Maria Helena Marques
Ocorreu há bem poucos dias o “Dia dos Moinhos”. O nosso Município tratou de o assinalar de vários modos. Certo, temos muitos por aí.
Se é bem celebrado e lembrado em qualquer lugar do nosso País ou até no estrangeiro, aqui, na minha terra natal – Gavinhos, tem razão de ser, sobretudo para recordar como eles rodavam e tinham vida – aquela que os moleiros e o vento lhes imprimiam. E digo “sobretudo” porque na realidade a sua estrutura mora e mantém-se lá há décadas e décadas. Lá estão como testemunho de um passado que, quem o viveu, gosta de recordar e reviver.
Eles lá estão, tal como sentinelas, convidando a quem os queira visitar e a quem lhes queira dar vida!
É de minha grata lembrança a vivência em torno dos moinhos que eu avistava das janelas de minha casa.
Eram 14 e todos moíam. Quando o vento estava de feição, era vê-los todos de velas pandas rodando, rodando. E, esse rodar produzia uma espécie de melodia “sui generis” que resultava do chiar dos rodízios que giravam com o impulso das velas tocadas pelo vento.
Algum tempo gastei a observar e dava conta da caminhada, serra acima, dos moleiros e seus burritos carregados de taleigos de cereal, subindo pelos carreiros, mais que “batidos” por tanto serem pisados.
A certas horas lá iam, também as moleiritas, de taleiga à cabeça e, por vezes, com a merenda que ia compor o estômago do seu parceiro…
Os burritos, esses, quedavam-se, cá fora, presos numa argola fixada à parede do moinho. Lá iam roendo qualquer coisa que o dono lhes apresentava e a agradecer iam “cantando” quer dizer zurrando o que produzia eco que se escutava na aldeia.

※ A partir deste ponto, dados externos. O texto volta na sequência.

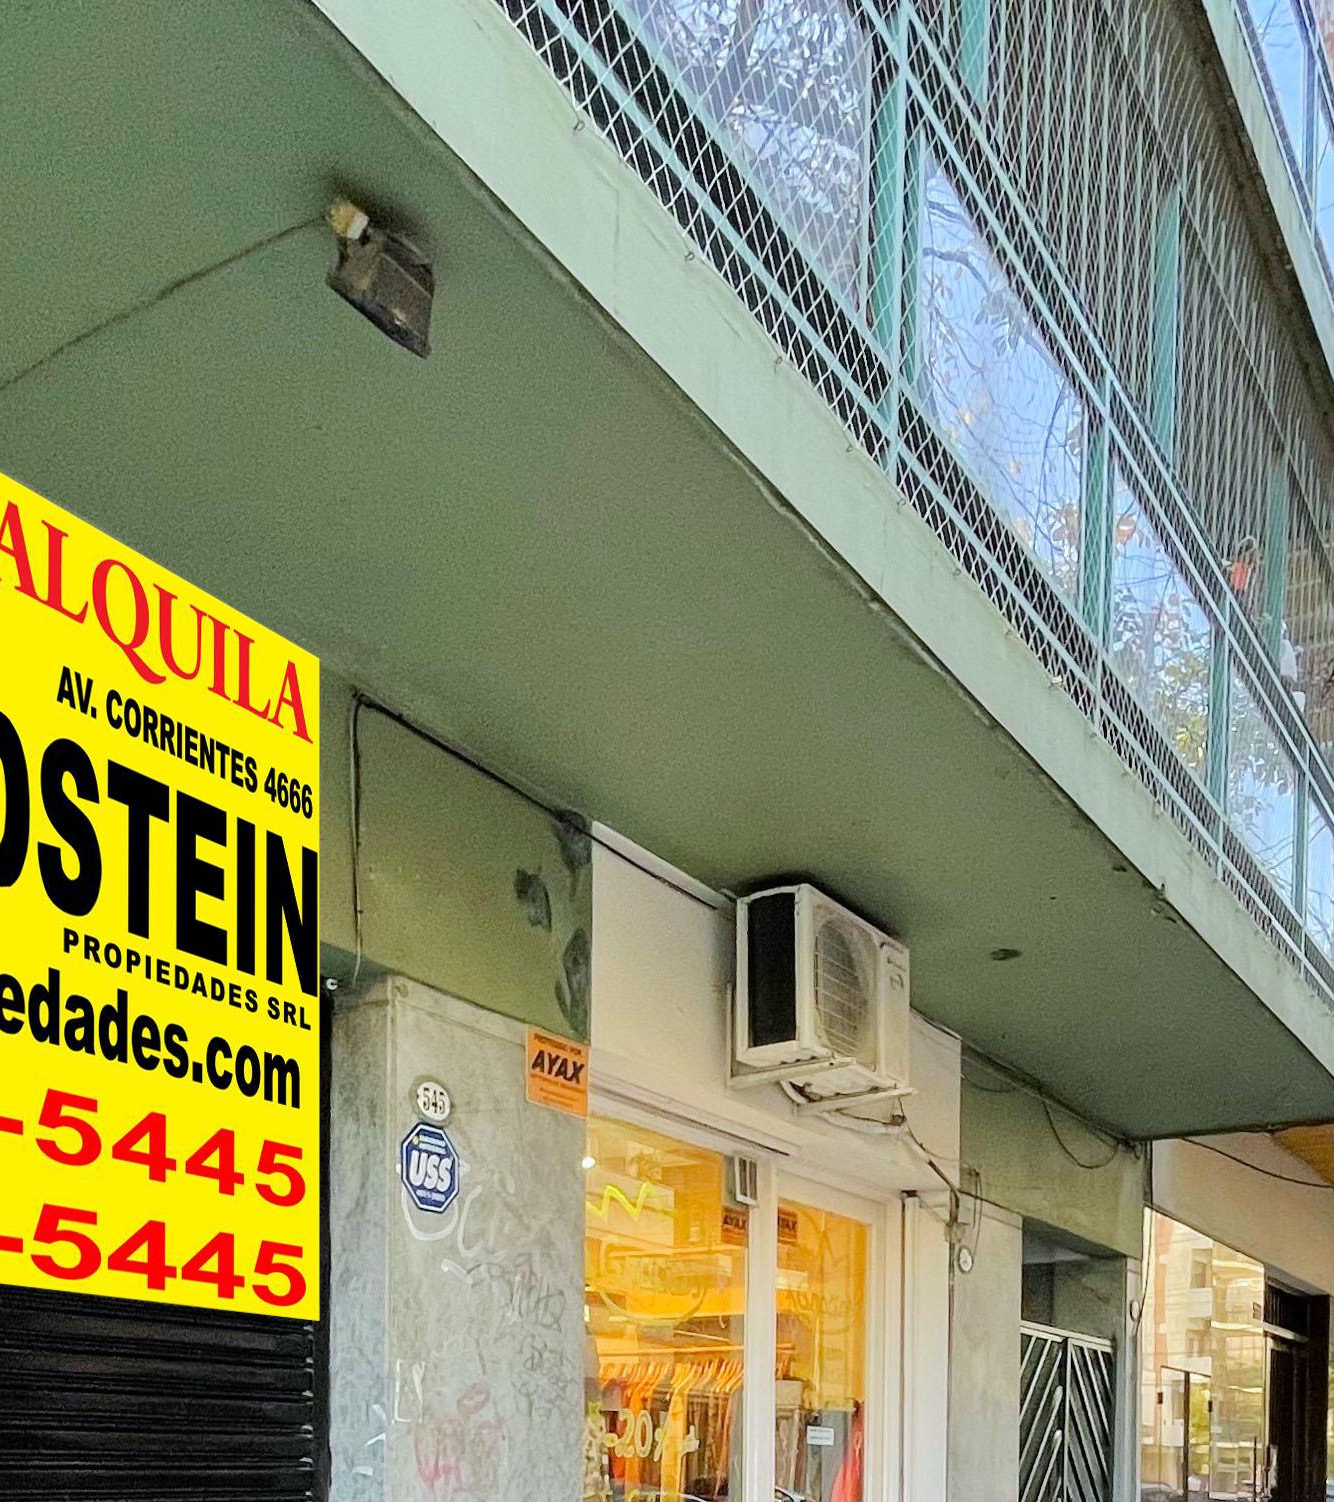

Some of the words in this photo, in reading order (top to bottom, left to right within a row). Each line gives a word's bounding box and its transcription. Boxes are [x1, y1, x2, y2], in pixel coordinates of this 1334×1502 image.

[56, 665, 98, 720] AV.
[105, 689, 258, 794] CORRIENTES
[264, 767, 313, 820] 4666
[63, 927, 259, 1014] PROPIEDADES
[267, 996, 313, 1031] SRL
[531, 1049, 585, 1085] AYAX
[409, 1149, 454, 1193] USS
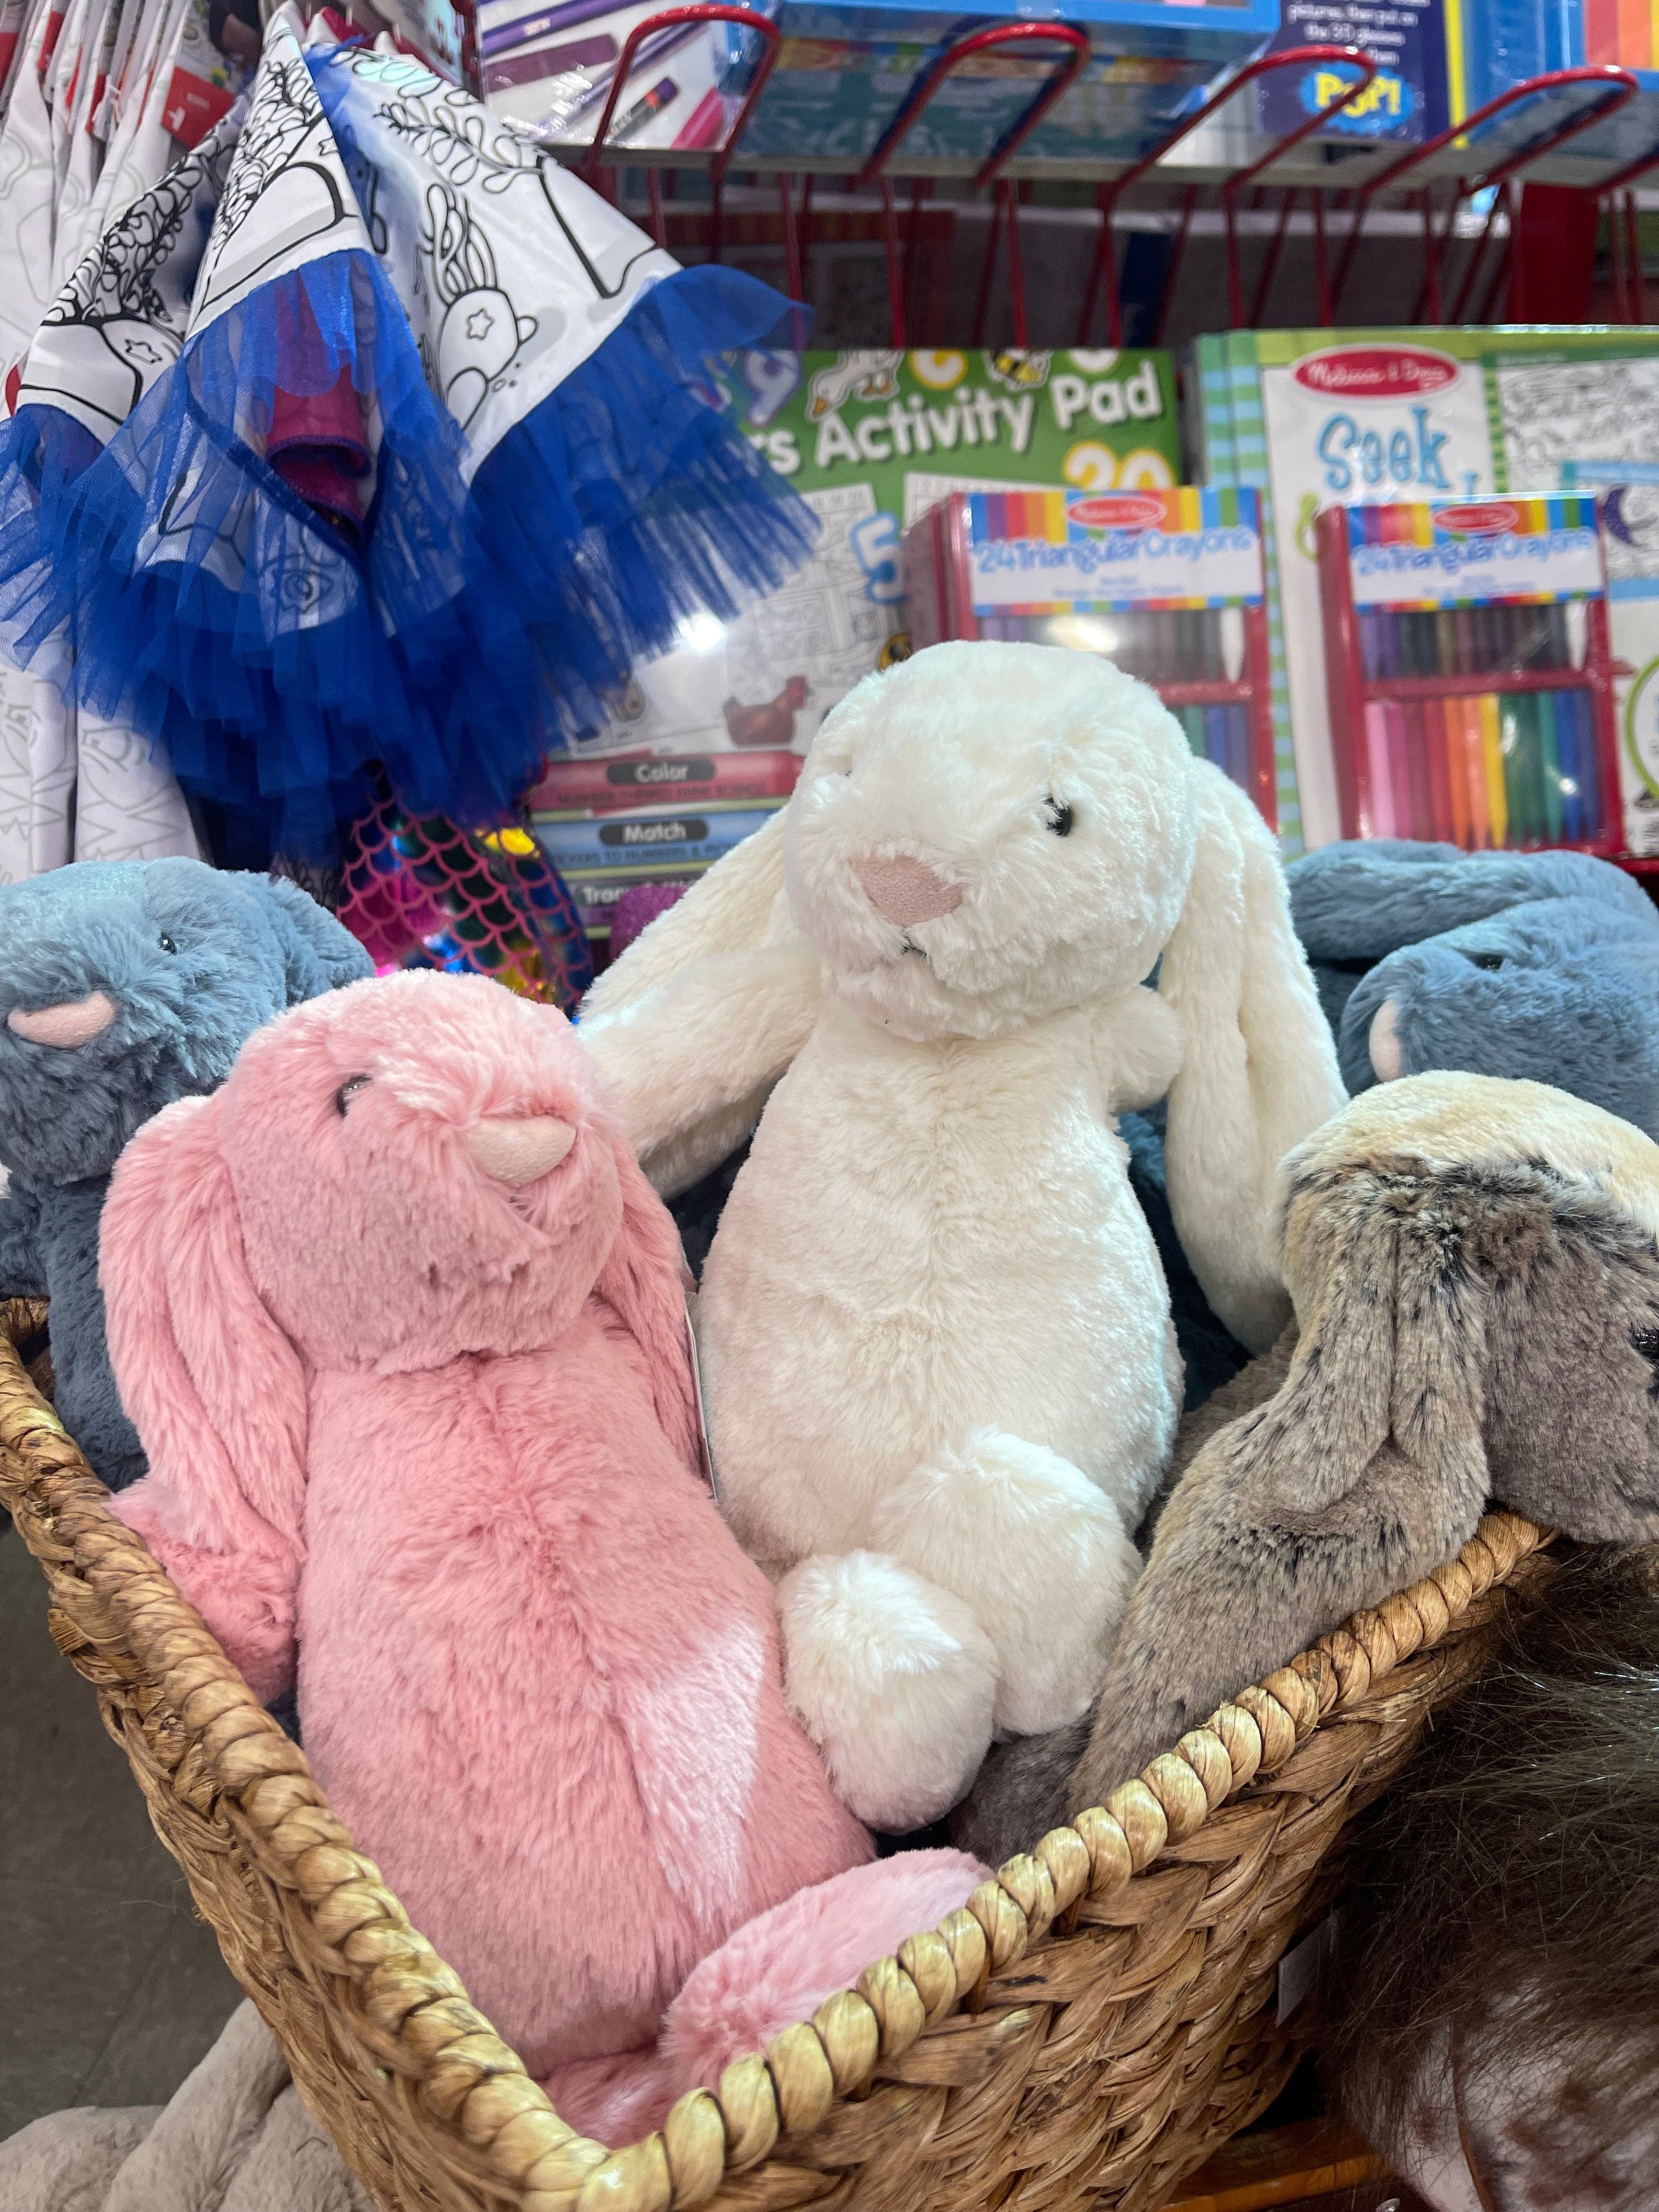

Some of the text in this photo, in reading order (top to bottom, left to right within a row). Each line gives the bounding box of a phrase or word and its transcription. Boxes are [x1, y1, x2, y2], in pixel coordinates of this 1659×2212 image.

[815, 386, 1035, 468] Activity
[1050, 360, 1162, 428] Pad
[1315, 404, 1452, 491] Seek
[633, 763, 688, 783] Color
[622, 822, 687, 844] Match
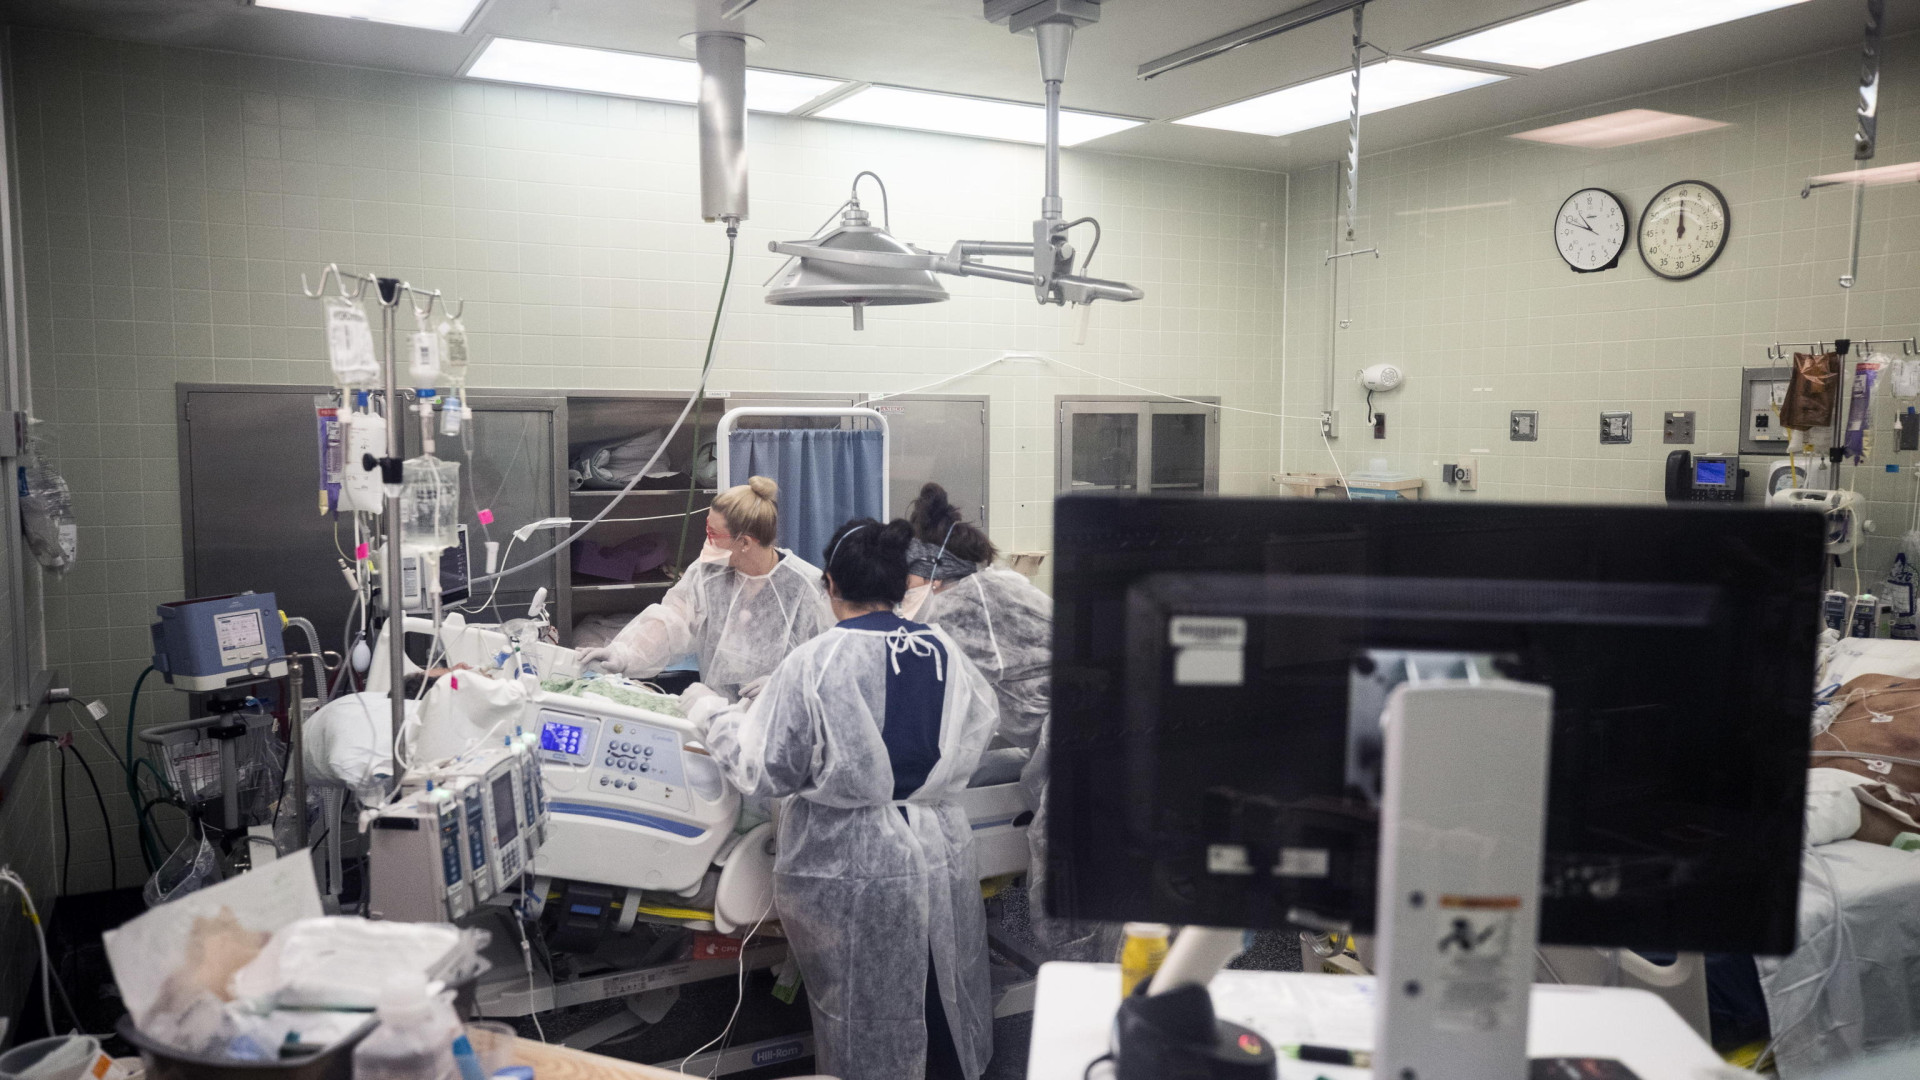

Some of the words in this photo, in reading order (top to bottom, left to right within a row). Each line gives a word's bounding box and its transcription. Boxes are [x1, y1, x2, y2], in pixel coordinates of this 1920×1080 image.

[1679, 189, 1688, 197] 60
[1697, 193, 1701, 201] 5
[1711, 222, 1718, 230] 15
[1646, 230, 1654, 238] 45
[1705, 240, 1714, 248] 20
[1649, 246, 1658, 255] 40
[1660, 258, 1668, 266] 35
[1692, 255, 1701, 263] 25
[1675, 261, 1684, 269] 30
[757, 1047, 798, 1062] Hill-Rom

Quando, para aproveitar os bons ventos se passava por lá a noite, os burritos e os donos acoitavam-se lá dentro, cada qual na sua cama improvisada.
E, nessas noites de vigília, dava-se conta de que ainda que vigilantes, os moleiros confraternizavam e, no tempo menos ameno acendiam fogueiras, que enfeitavam a serra como luzeiros imprimindo-lhe um ar mágico e deslumbrante!
Propriamente o trabalho do moleiro além de colocar o cereal no sítio próprio de onde iria cair nas pedras “mós”, pouco a pouco, por meio de técnicas ancestrais muito simples, mas engenhosas que moídas se transformavam em farinha, que o moleiro ia guardando, também era seu trabalho ajustar a distância entre as mós para que saísse farinha mais fina ou de segunda que já era mais grosseira um pouco.
Antes de moer, o moleiro tirava a sua “maquia” que era sua de direito ou tiraria no fim, do taleigo da farinha do cliente.
Essa subtração dizia-se que, às vezes, era um tanto desproporcionada e daí que fosse dando azo a alguns ditos populares tais como: “muda-se de moleiro, muda-se de ladrão”… Sem ofensa, mas teria algum fundo de verdade.
E, a propósito desses ditos sobre moleiros e a tal “maquia”, passo a transcrever uma gazetilha, que meu Tio Padre Manuel Marques publicou num dos jornais onde ele colaborava e que, por sua vez já era uma versão da Província de Trás-os-Montes que lhe tinha sido facilitada pela esposa de um amigo e assinante, Manuel Domingues Rodrigues do lugar de Telhado, Penacova.
Rezava assim a dita gazetilha:
Leva o moleiro
No seu burrinho
Quatro alqueires
Para o moinho
Sem o moer
Como é de ver
No mesmo dia
Tira a maquia
Mui contentinho
Chega ao moinho
E logo diz.
Vem cá meu saco
Quatro maquias
Eu já te rapo…
Quatro são por te levar
Quatro são por te trazer
São ainda outras quatro
Para o meu burrinho comer…
Vem a Maria,
Tira a maquia
Vem o Manel
E é quanto quer
Veio o João
Leva o quinhão
Vem o creado
Afadigado
E o velhaco
Diz: este saco
Não foi maquiado…
Torna o moleiro
E diz para o saco:
Vai para o canto
Que em ti eu mando
Sai outro tanto
E se ficarem
Té ó Entrudo
Cá fica saco
Baraço e tudo!…
Aqui fica. É interessante.
Muito haveria que contar se os moleiros de antigamente cá voltassem…
O “Dia do Moinho” trouxe ao presente esta realidade do passado.
Foi com prazer e emoção que subi à serra dos moinhos em Gavinhos. Consolei os meus olhos que estavam saudosos de ver e escutar o rodar das velas brancas dos moinhos da minha infância!